Give the listing again word for word. Skip the pictures.

◆ Source information
+ + + +

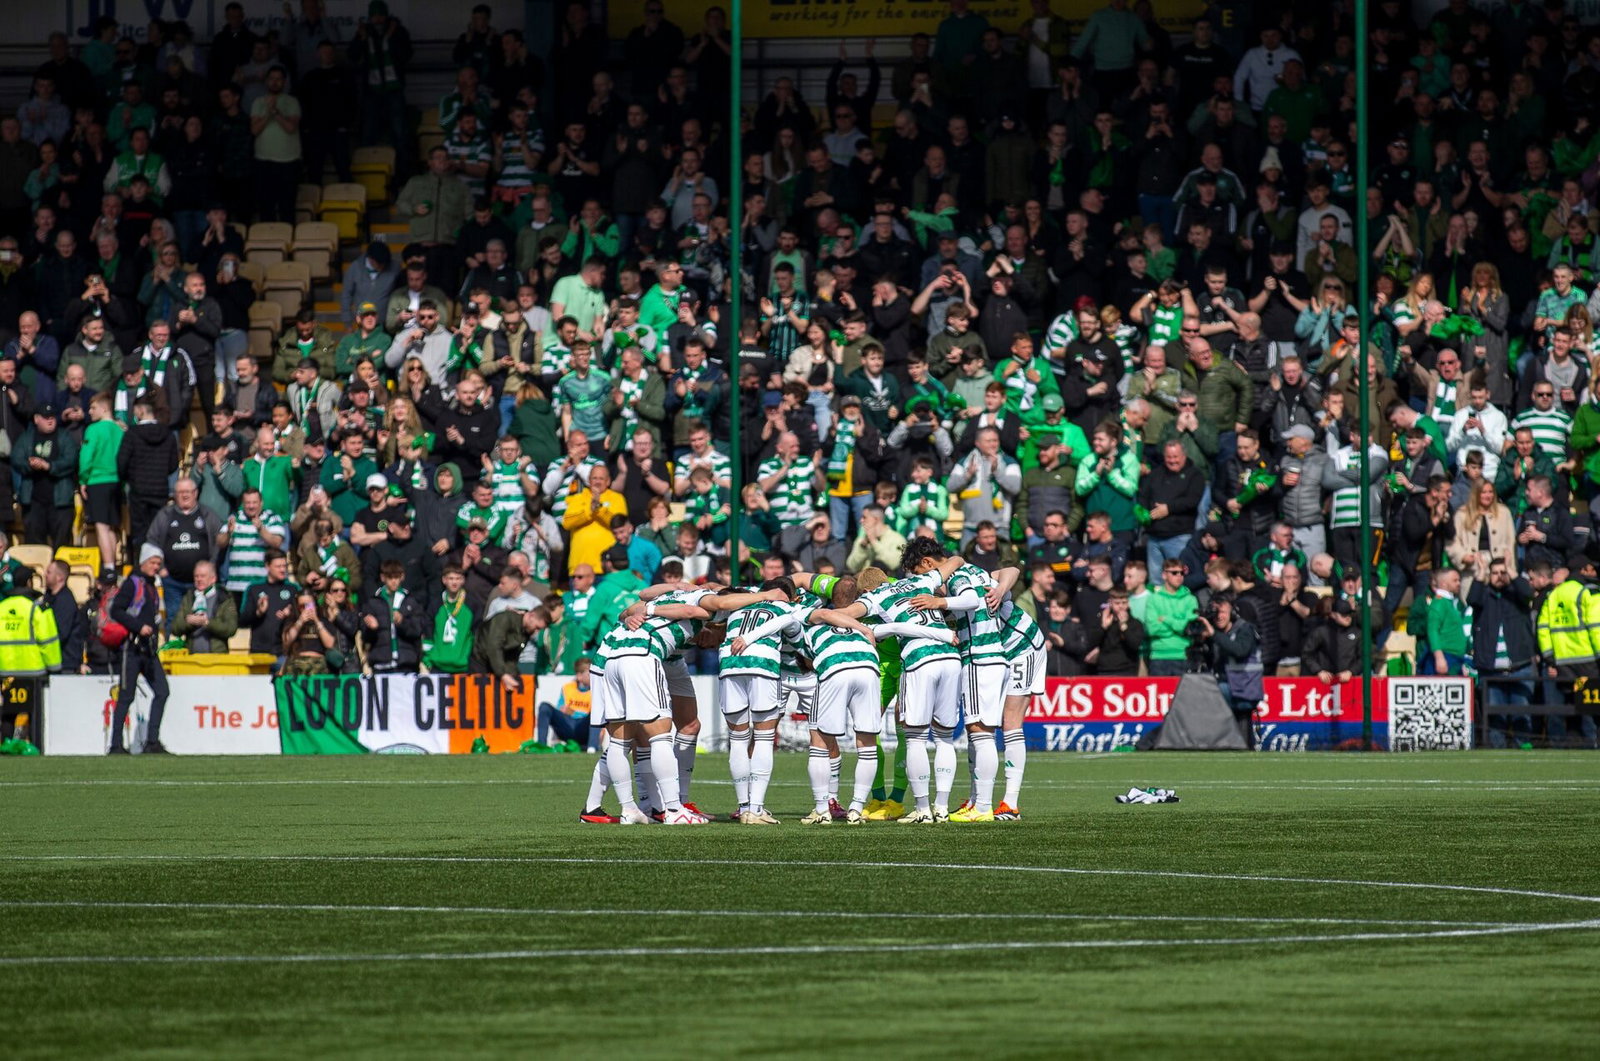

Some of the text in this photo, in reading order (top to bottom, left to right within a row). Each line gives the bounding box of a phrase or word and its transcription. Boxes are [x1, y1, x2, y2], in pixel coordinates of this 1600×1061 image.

[769, 6, 839, 28] working
[844, 5, 870, 27] for
[876, 6, 903, 19] the
[1221, 8, 1233, 27] E
[1013, 663, 1024, 681] 5
[9, 687, 28, 704] 10
[285, 676, 524, 732] LUTON CELTIC
[1278, 683, 1344, 717] Ltd
[1583, 689, 1600, 705] 11
[193, 704, 280, 729] The Jo
[1043, 722, 1310, 753] Worki You

+ + + +

◆ Response to this task
Some of the text in this photo, in reading order (top to bottom, left to right within a row). Each line gives the bounding box of a phrase or word and its transcription. Boxes are [x1, y1, x2, y2], in pixel coordinates of this 1600×1061 image.

[769, 6, 839, 28] working
[844, 5, 870, 27] for
[876, 6, 903, 19] the
[1221, 8, 1233, 27] E
[1013, 663, 1024, 681] 5
[9, 687, 28, 704] 10
[285, 676, 524, 732] LUTON CELTIC
[1278, 683, 1344, 717] Ltd
[1583, 689, 1600, 705] 11
[193, 704, 280, 729] The Jo
[1043, 722, 1310, 753] Worki You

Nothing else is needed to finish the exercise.